:: ABOUT THIS EXERCISE ::
Return every entry from the listing below unaltered.

:: EXTRACTED RECORDS ::
══════
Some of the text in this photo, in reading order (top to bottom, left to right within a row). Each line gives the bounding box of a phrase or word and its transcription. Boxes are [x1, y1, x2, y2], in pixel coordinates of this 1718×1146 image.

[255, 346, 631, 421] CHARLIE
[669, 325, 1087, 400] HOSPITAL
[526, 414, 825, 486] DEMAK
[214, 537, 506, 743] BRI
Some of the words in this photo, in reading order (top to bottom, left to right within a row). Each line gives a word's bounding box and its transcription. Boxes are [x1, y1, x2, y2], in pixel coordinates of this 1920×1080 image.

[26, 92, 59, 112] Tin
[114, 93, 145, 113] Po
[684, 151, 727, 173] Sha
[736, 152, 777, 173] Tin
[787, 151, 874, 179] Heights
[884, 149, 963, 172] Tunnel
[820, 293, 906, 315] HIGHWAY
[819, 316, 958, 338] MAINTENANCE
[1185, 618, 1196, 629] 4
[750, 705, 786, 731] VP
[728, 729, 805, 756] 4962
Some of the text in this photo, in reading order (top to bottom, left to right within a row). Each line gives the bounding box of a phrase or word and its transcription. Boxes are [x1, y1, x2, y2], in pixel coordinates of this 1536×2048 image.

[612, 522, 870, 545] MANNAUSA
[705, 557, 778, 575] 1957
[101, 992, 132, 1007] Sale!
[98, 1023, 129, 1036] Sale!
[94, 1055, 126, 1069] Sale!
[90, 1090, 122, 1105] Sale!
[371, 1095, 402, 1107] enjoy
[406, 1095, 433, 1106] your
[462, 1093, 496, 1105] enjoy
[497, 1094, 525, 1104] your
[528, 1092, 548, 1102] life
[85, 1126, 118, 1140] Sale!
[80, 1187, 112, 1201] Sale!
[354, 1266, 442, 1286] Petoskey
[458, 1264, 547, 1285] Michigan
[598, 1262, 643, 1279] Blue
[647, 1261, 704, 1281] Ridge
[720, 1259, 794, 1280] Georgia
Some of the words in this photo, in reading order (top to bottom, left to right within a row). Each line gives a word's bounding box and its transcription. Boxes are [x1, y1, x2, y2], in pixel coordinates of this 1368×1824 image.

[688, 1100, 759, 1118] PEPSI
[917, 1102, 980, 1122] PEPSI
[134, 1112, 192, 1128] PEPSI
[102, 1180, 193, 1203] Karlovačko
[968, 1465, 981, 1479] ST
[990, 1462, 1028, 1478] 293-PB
══════
:: EXPECTED ANSWER ::
Some of the text in this photo, in reading order (top to bottom, left to right within a row). Each line gives the bounding box of a phrase or word and its transcription. Boxes are [x1, y1, x2, y2], in pixel coordinates of this 1718×1146 image.

[255, 346, 631, 421] CHARLIE
[669, 325, 1087, 400] HOSPITAL
[526, 414, 825, 486] DEMAK
[214, 537, 506, 743] BRI
Some of the words in this photo, in reading order (top to bottom, left to right within a row). Each line gives a word's bounding box and its transcription. Boxes are [x1, y1, x2, y2], in pixel coordinates of this 1920×1080 image.

[26, 92, 59, 112] Tin
[114, 93, 145, 113] Po
[684, 151, 727, 173] Sha
[736, 152, 777, 173] Tin
[787, 151, 874, 179] Heights
[884, 149, 963, 172] Tunnel
[820, 293, 906, 315] HIGHWAY
[819, 316, 958, 338] MAINTENANCE
[1185, 618, 1196, 629] 4
[750, 705, 786, 731] VP
[728, 729, 805, 756] 4962
Some of the text in this photo, in reading order (top to bottom, left to right within a row). Each line gives the bounding box of a phrase or word and its transcription. Boxes are [x1, y1, x2, y2], in pixel coordinates of this 1536×2048 image.

[612, 522, 870, 545] MANNAUSA
[705, 557, 778, 575] 1957
[101, 992, 132, 1007] Sale!
[98, 1023, 129, 1036] Sale!
[94, 1055, 126, 1069] Sale!
[90, 1090, 122, 1105] Sale!
[371, 1095, 402, 1107] enjoy
[406, 1095, 433, 1106] your
[462, 1093, 496, 1105] enjoy
[497, 1094, 525, 1104] your
[528, 1092, 548, 1102] life
[85, 1126, 118, 1140] Sale!
[80, 1187, 112, 1201] Sale!
[354, 1266, 442, 1286] Petoskey
[458, 1264, 547, 1285] Michigan
[598, 1262, 643, 1279] Blue
[647, 1261, 704, 1281] Ridge
[720, 1259, 794, 1280] Georgia
Some of the words in this photo, in reading order (top to bottom, left to right within a row). Each line gives a word's bounding box and its transcription. Boxes are [x1, y1, x2, y2], in pixel coordinates of this 1368×1824 image.

[688, 1100, 759, 1118] PEPSI
[917, 1102, 980, 1122] PEPSI
[134, 1112, 192, 1128] PEPSI
[102, 1180, 193, 1203] Karlovačko
[968, 1465, 981, 1479] ST
[990, 1462, 1028, 1478] 293-PB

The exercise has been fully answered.